[Collected data]

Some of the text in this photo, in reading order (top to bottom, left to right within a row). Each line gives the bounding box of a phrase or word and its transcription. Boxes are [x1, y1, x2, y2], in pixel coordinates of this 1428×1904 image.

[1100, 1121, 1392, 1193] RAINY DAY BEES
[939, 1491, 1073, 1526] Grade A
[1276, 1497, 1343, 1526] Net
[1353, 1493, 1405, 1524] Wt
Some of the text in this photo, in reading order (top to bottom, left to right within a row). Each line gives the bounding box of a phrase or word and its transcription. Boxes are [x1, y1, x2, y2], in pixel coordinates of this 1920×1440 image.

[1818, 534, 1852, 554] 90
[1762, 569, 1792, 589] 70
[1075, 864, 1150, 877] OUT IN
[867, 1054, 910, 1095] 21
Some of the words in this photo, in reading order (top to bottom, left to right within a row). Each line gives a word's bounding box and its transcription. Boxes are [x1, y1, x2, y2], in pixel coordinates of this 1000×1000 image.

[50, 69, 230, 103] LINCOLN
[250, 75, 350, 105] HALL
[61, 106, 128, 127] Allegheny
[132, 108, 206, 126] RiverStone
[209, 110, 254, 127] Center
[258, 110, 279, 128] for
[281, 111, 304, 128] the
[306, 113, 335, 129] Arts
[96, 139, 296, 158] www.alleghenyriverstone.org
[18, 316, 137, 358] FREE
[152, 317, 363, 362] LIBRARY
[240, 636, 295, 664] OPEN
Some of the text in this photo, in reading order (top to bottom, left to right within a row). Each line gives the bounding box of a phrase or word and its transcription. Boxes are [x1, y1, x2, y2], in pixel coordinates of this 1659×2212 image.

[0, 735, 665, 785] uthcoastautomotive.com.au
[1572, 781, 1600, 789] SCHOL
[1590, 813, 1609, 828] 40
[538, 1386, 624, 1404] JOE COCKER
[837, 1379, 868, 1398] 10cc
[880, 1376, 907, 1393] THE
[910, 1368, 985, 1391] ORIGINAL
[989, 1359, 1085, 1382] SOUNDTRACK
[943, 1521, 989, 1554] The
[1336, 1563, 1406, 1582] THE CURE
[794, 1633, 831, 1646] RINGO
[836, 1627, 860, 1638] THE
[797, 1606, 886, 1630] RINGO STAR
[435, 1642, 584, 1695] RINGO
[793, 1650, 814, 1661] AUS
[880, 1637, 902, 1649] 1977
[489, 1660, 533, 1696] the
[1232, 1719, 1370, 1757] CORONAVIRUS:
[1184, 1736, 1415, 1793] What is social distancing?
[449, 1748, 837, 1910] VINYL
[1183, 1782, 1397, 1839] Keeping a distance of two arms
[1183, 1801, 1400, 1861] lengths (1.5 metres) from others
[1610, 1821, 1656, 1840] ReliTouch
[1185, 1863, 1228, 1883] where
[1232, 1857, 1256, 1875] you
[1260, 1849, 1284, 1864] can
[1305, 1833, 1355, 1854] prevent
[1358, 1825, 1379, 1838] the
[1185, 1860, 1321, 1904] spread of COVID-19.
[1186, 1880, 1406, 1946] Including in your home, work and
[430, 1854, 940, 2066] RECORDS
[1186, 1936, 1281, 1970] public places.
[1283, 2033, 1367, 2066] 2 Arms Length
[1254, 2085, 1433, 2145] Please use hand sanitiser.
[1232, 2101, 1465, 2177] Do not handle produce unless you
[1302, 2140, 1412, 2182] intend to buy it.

[EXERCISE DESCRIPTION] Retype the data. Keep every word as it stands.

[WRITTEN RESPONSE]
Some of the text in this photo, in reading order (top to bottom, left to right within a row). Each line gives the bounding box of a phrase or word and its transcription. Boxes are [x1, y1, x2, y2], in pixel coordinates of this 1428×1904 image.

[1100, 1121, 1392, 1193] RAINY DAY BEES
[939, 1491, 1073, 1526] Grade A
[1276, 1497, 1343, 1526] Net
[1353, 1493, 1405, 1524] Wt
Some of the text in this photo, in reading order (top to bottom, left to right within a row). Each line gives the bounding box of a phrase or word and its transcription. Boxes are [x1, y1, x2, y2], in pixel coordinates of this 1920×1440 image.

[1818, 534, 1852, 554] 90
[1762, 569, 1792, 589] 70
[1075, 864, 1150, 877] OUT IN
[867, 1054, 910, 1095] 21
Some of the words in this photo, in reading order (top to bottom, left to right within a row). Each line gives a word's bounding box and its transcription. Boxes are [x1, y1, x2, y2], in pixel coordinates of this 1000×1000 image.

[50, 69, 230, 103] LINCOLN
[250, 75, 350, 105] HALL
[61, 106, 128, 127] Allegheny
[132, 108, 206, 126] RiverStone
[209, 110, 254, 127] Center
[258, 110, 279, 128] for
[281, 111, 304, 128] the
[306, 113, 335, 129] Arts
[96, 139, 296, 158] www.alleghenyriverstone.org
[18, 316, 137, 358] FREE
[152, 317, 363, 362] LIBRARY
[240, 636, 295, 664] OPEN
Some of the text in this photo, in reading order (top to bottom, left to right within a row). Each line gives the bounding box of a phrase or word and its transcription. Boxes are [x1, y1, x2, y2], in pixel coordinates of this 1659×2212 image.

[0, 735, 665, 785] uthcoastautomotive.com.au
[1572, 781, 1600, 789] SCHOL
[1590, 813, 1609, 828] 40
[538, 1386, 624, 1404] JOE COCKER
[837, 1379, 868, 1398] 10cc
[880, 1376, 907, 1393] THE
[910, 1368, 985, 1391] ORIGINAL
[989, 1359, 1085, 1382] SOUNDTRACK
[943, 1521, 989, 1554] The
[1336, 1563, 1406, 1582] THE CURE
[794, 1633, 831, 1646] RINGO
[836, 1627, 860, 1638] THE
[797, 1606, 886, 1630] RINGO STAR
[435, 1642, 584, 1695] RINGO
[793, 1650, 814, 1661] AUS
[880, 1637, 902, 1649] 1977
[489, 1660, 533, 1696] the
[1232, 1719, 1370, 1757] CORONAVIRUS:
[1184, 1736, 1415, 1793] What is social distancing?
[449, 1748, 837, 1910] VINYL
[1183, 1782, 1397, 1839] Keeping a distance of two arms
[1183, 1801, 1400, 1861] lengths (1.5 metres) from others
[1610, 1821, 1656, 1840] ReliTouch
[1185, 1863, 1228, 1883] where
[1232, 1857, 1256, 1875] you
[1260, 1849, 1284, 1864] can
[1305, 1833, 1355, 1854] prevent
[1358, 1825, 1379, 1838] the
[1185, 1860, 1321, 1904] spread of COVID-19.
[1186, 1880, 1406, 1946] Including in your home, work and
[430, 1854, 940, 2066] RECORDS
[1186, 1936, 1281, 1970] public places.
[1283, 2033, 1367, 2066] 2 Arms Length
[1254, 2085, 1433, 2145] Please use hand sanitiser.
[1232, 2101, 1465, 2177] Do not handle produce unless you
[1302, 2140, 1412, 2182] intend to buy it.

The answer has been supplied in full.